Graduate students must return to the US to maintain appointments, some exceptions allowed

Open letter urging MIT to rescind policy receives over 600 signatures

Vice Chancellor Ian Waitz wrote in a Dec. 7 email that graduate students with Spring 2021 RA, TA, or fellowship appointments were “being asked to return/come to the U.S.” by Jan. 30 to maintain their appointments.

The International Students Office wrote that this is in accordance with the U.S. Department of Homeland Security’s (DHS) 5-Month Temporary Absence Rule, which was suspended for Spring and Summer 2020. It was not confirmed whether this rule would or would not apply in Fall and Spring 2021.

Graduate students would only be eligible to continue their appointments remotely if affected by visa delays, travel restrictions, border closures, or other COVID-related factors; if the student or member of the student’s household was instructed by a medical provider to not travel to the U.S.; or if the student is caring for a family member with an illness. Students under these circumstances were asked to submit an intake form through their graduate administrator, to be reviewed individually to determine options available to the students.
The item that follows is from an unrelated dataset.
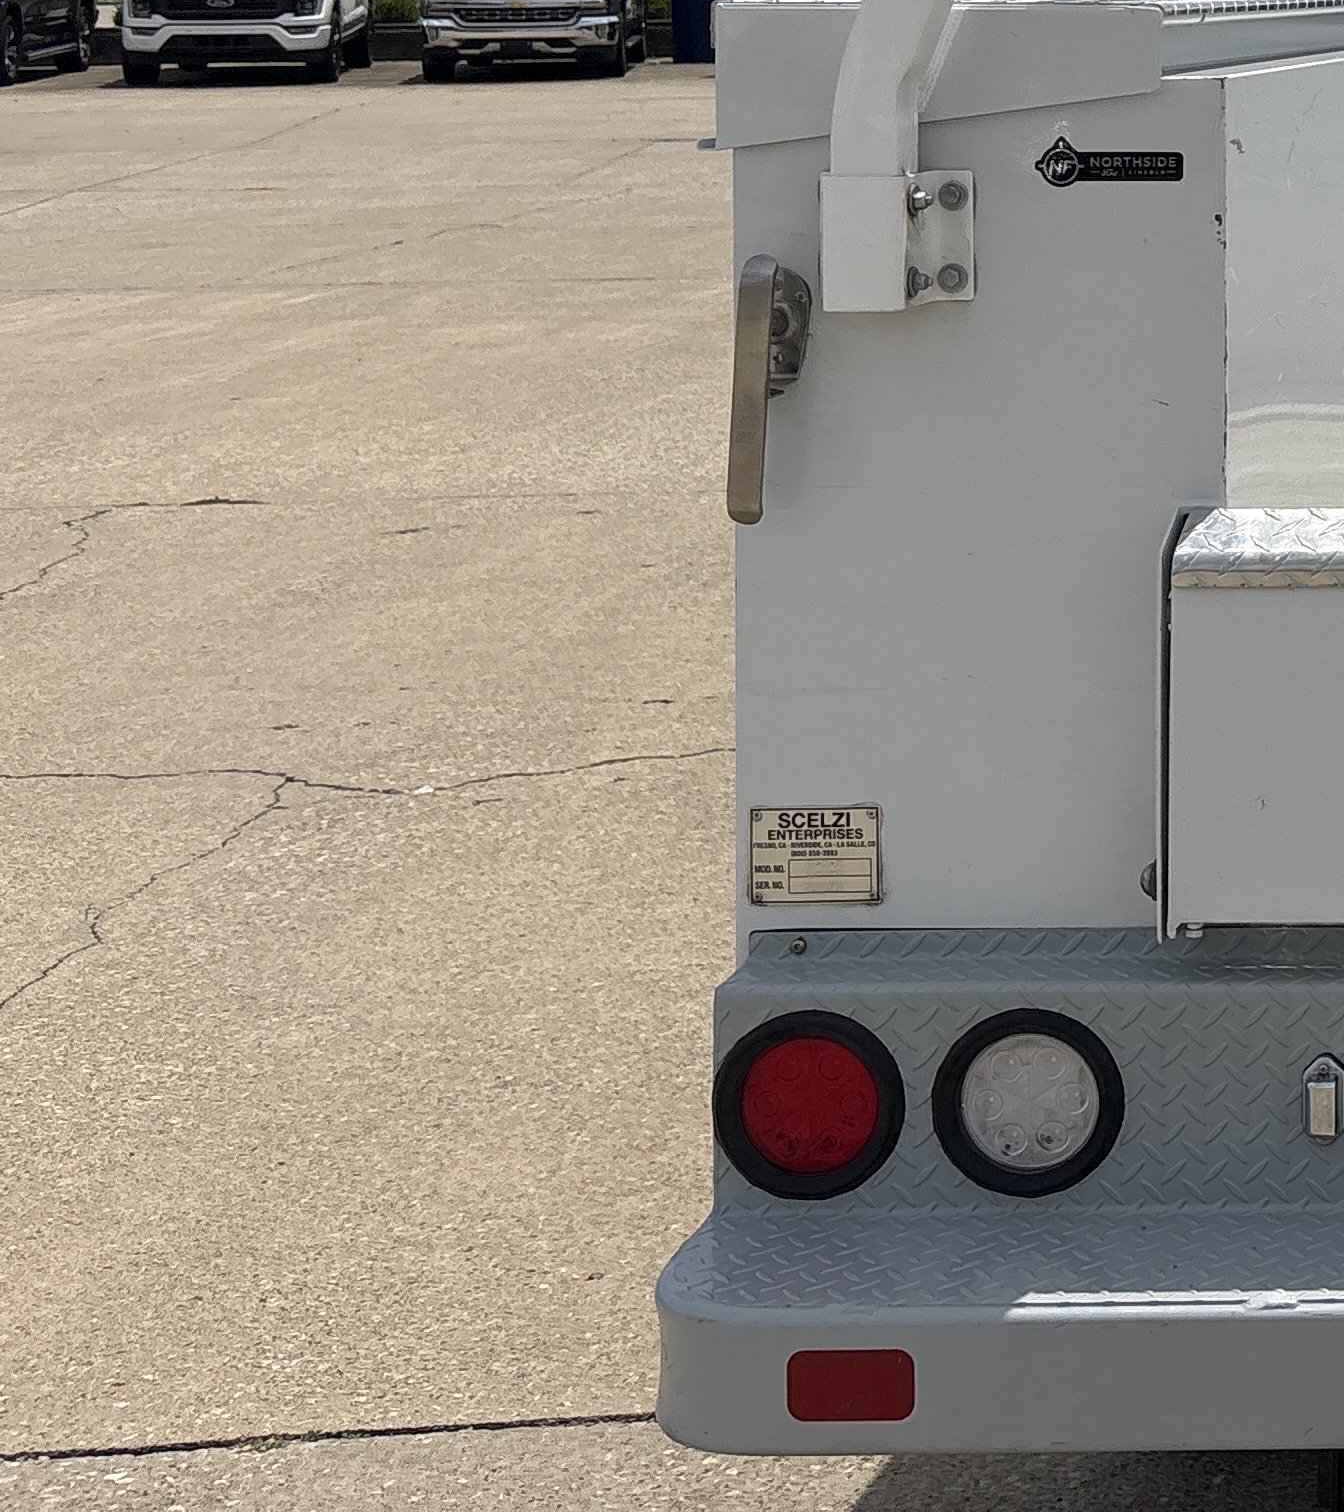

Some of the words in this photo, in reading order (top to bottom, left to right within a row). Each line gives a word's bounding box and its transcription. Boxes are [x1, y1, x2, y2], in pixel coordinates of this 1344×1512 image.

[1089, 156, 1177, 168] NORTHSIDE
[778, 812, 851, 828] SCELZI
[767, 828, 864, 840] ENTERPRISES
A Dec. 11 open letter to the MIT administration responding to Waitz’s email received over 600 signatures from student organizations, graduate and undergraduate students, alumni, and postdoctoral associates. The letter wrote that the policy “forces students living overseas to uproot their lives” to return to the U.S. where COVID-19 “is raging harder than ever.”

The letter urged MIT to rescind its policy, “involve those impacted before making wide-reaching policy decisions,” and “protect international students from further precarity and mistreatment.”

The letter compared MIT’s policy to the July 6 DHS and Immigration and Customs Enforcement (ICE) directive that banned international students taking fully online coursework from remaining in the U.S. MIT and Harvard filed a lawsuit against DHS and ICE that eventually resulted in the directive being rescinded.

The letter also wrote that as of Dec. 23, of 195 remote appointment requests, 145 were approved without change, 40 were approved with change of funding, and 5 remained under review. 800 remote appointments were approved during Fall 2020, according to the letter.

The letter added that Harvard and Yale will continue to pay remote stipends in the Spring.

A forum on the policy was held for graduate students Dec. 14. A follow-up Dec. 16 guidance acknowledged student concerns regarding the policy and summarized Waitz’s message from the forum, writing that MIT would provide “more timely and ongoing updates” and “increased flexibility when reviewing exception requests,” as well as clarify “that the eligibility criteria include all medical conditions.”

MIT’s fall guidance on remote student appointments announced that the “vast majority” of graduate students abroad would be able to continue their fellowships, TA, or RA appointments, with some TA or RAships possibly converted to non-service fellowships depending on the country the student is living in, the student’s research area, or “export control requirements.”

As in the fall, undergraduate students abroad are not able to participate in paid UROPs or other hourly wage opportunities.